FIGURE 2.

HDAC2 stimulates eIF4E sumoylation. A, overexpression of HDAC2 induces eIF4E sumoylation. The HCT-116 cells were transfected with FLAG-HDAC2 or control vectors (VC). Sumoylation of eIF4E was evaluated by immunoprecipitation (IP) of the whole cell lysates with anti-eIF4E followed by immunoblotting (IB) with anti-SUMO-1. GAPDH, glyceraldehyde-3-phosphate dehydrogenase. B, HDAC2 but not JNK1 is associated with cap-bound translation initiation complex. The HCT-116 cells were transfected with empty vector or FLAG-HDAC2 or FLAG-JNK1. 48 h after transfection, the cells were harvested for the pulldown assays. Left panel, the cap-bound HDAC2 was eluted from the 7-methyl-GTP (m⁷GTP)-Sepharose resin using 7-methyl-GDP (m⁷GDP) and detected by immunoblotting with anti-FLAG or anti-HDAC2. Right panel, immunoprecipitation with Sepharose beads was included as the experimental control. C, the addition of purified recombinant HDAC2 protein directly stimulates in vitro sumoylation of eIF4E but not NF-κB2/p100. 1 μl of in vitro translated human influenza HA-tagged eIF4E or c-Myc-p100 was used as SUMO substrate. 0–200 ng of human recombinant HDAC2 protein (Biomol International) was added to the in vitro sumoylation reaction mixture as labeled in the figure.
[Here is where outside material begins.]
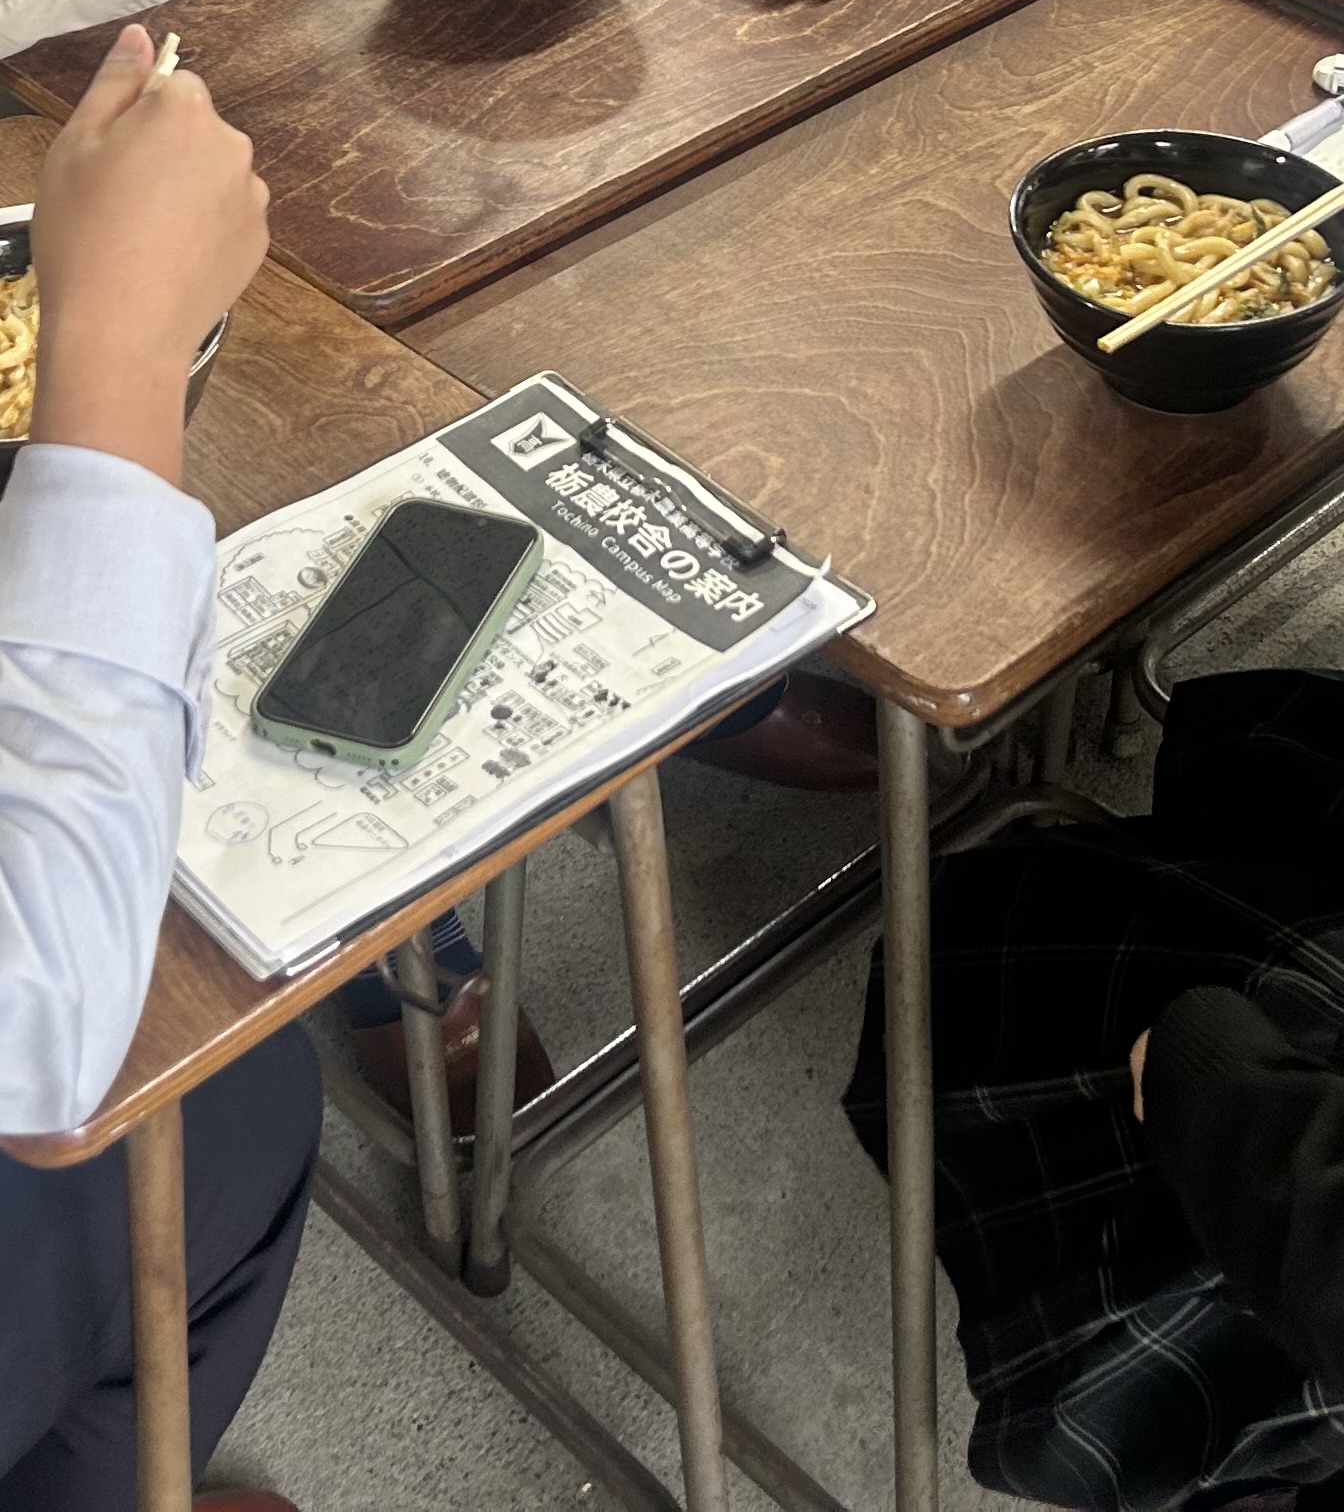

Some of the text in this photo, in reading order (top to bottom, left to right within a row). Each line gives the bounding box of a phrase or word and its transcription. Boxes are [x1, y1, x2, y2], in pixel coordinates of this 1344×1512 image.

Sumoylated and non-sumoylated HA-eIF4E and c-Myc-p100 were detected by immunoblotting with anti-HA and anti-c-Myc, respectively. The addition of HDAC2 was verified by immunoblotting with anti-HDAC2. D, overexpression of HDAC2 and HDAC2 deacetylase-dead mutant (HDAC2-H142A) on eIF4E sumoylation in HCT-116 cells. WT, wild type.